Marta Gonzalez
Talk recording
As cities grow more interconnected, interdependent, and vulnerable to environmental and systemic disruptions, understanding their dynamics through the lens of complex systems becomes essential for achieving sustainability. This talk presents a unified framework that leverages macroscopic patterns, human mobility data, and network-based models to address pressing urban challenges. We begin by examining the dynamics of urban traffic collapse, identifying critical transitions that signal systemic failure in mobility networks. Building on this, we explore how vehicle emissions scale with mobility metrics, showing that reducing vehicle kilometers traveled (VKT) through urban densification can significantly curb emissions, even amidst rising congestion.
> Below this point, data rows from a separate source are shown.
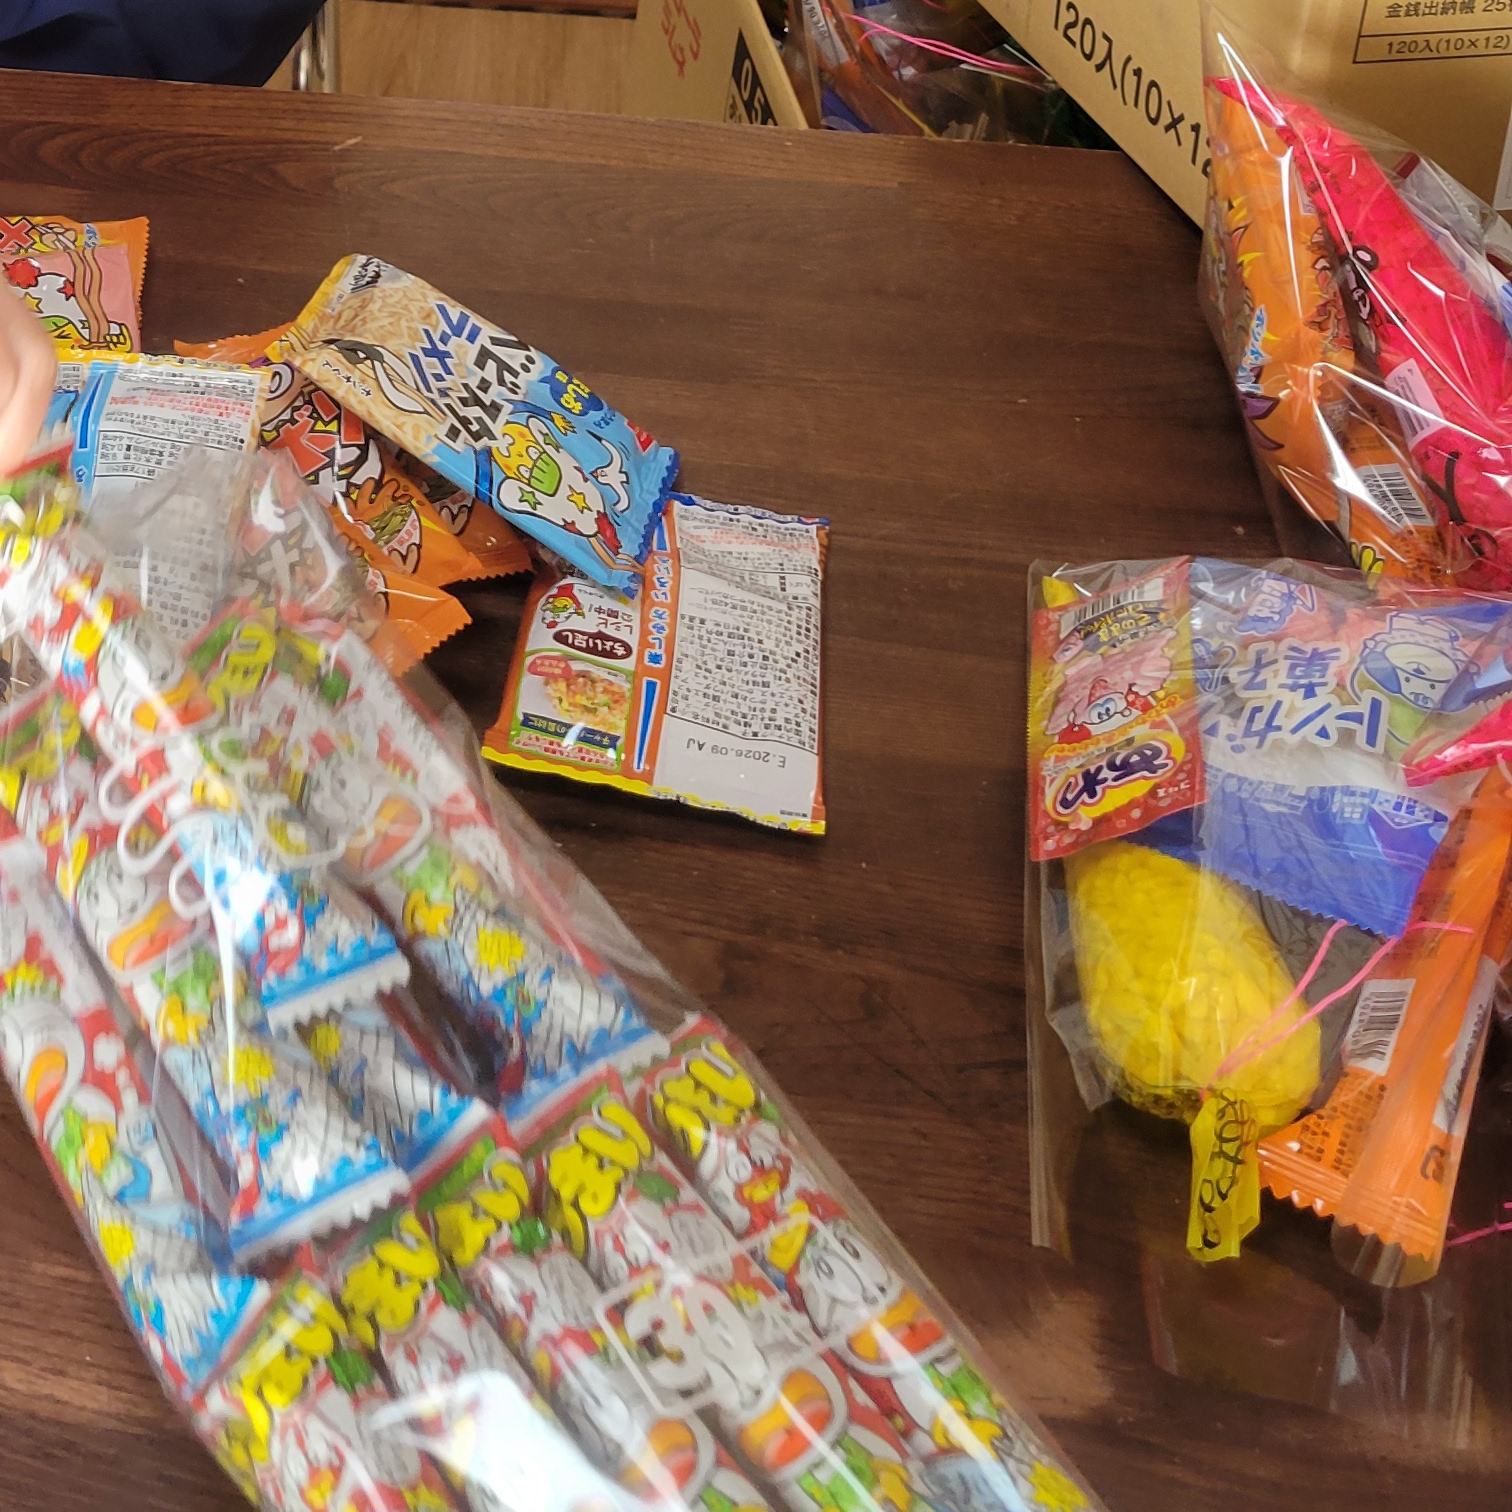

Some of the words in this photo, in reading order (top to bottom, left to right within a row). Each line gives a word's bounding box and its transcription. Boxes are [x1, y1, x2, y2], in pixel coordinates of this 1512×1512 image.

[1387, 35, 1510, 54] 120入(10×12)
[406, 302, 482, 417] ラーメン
[443, 335, 538, 448] ベビースター
[562, 631, 629, 657] ちょい足し
[1235, 645, 1340, 700] 菓子
[686, 737, 707, 752] AJ
[1058, 742, 1170, 811] あわ
Next, we introduce novel metrics for real-time tracking of urban spatial structure via human mobility data, revealing how cities adapt — or fail to adapt — during shocks such as the COVID-19 pandemic. Finally, we extend our systems approach beyond the urban core, applying spatial network models to wildfire management. By identifying high-risk fire spread pathways, we demonstrate how data-driven strategies can enhance proactive responses in climate-vulnerable regions. Collectively, these studies reveal how treating cities as dynamic, interlinked systems allows us to diagnose vulnerabilities, predict critical transitions, and guide interventions for more resilient and sustainable urban futures.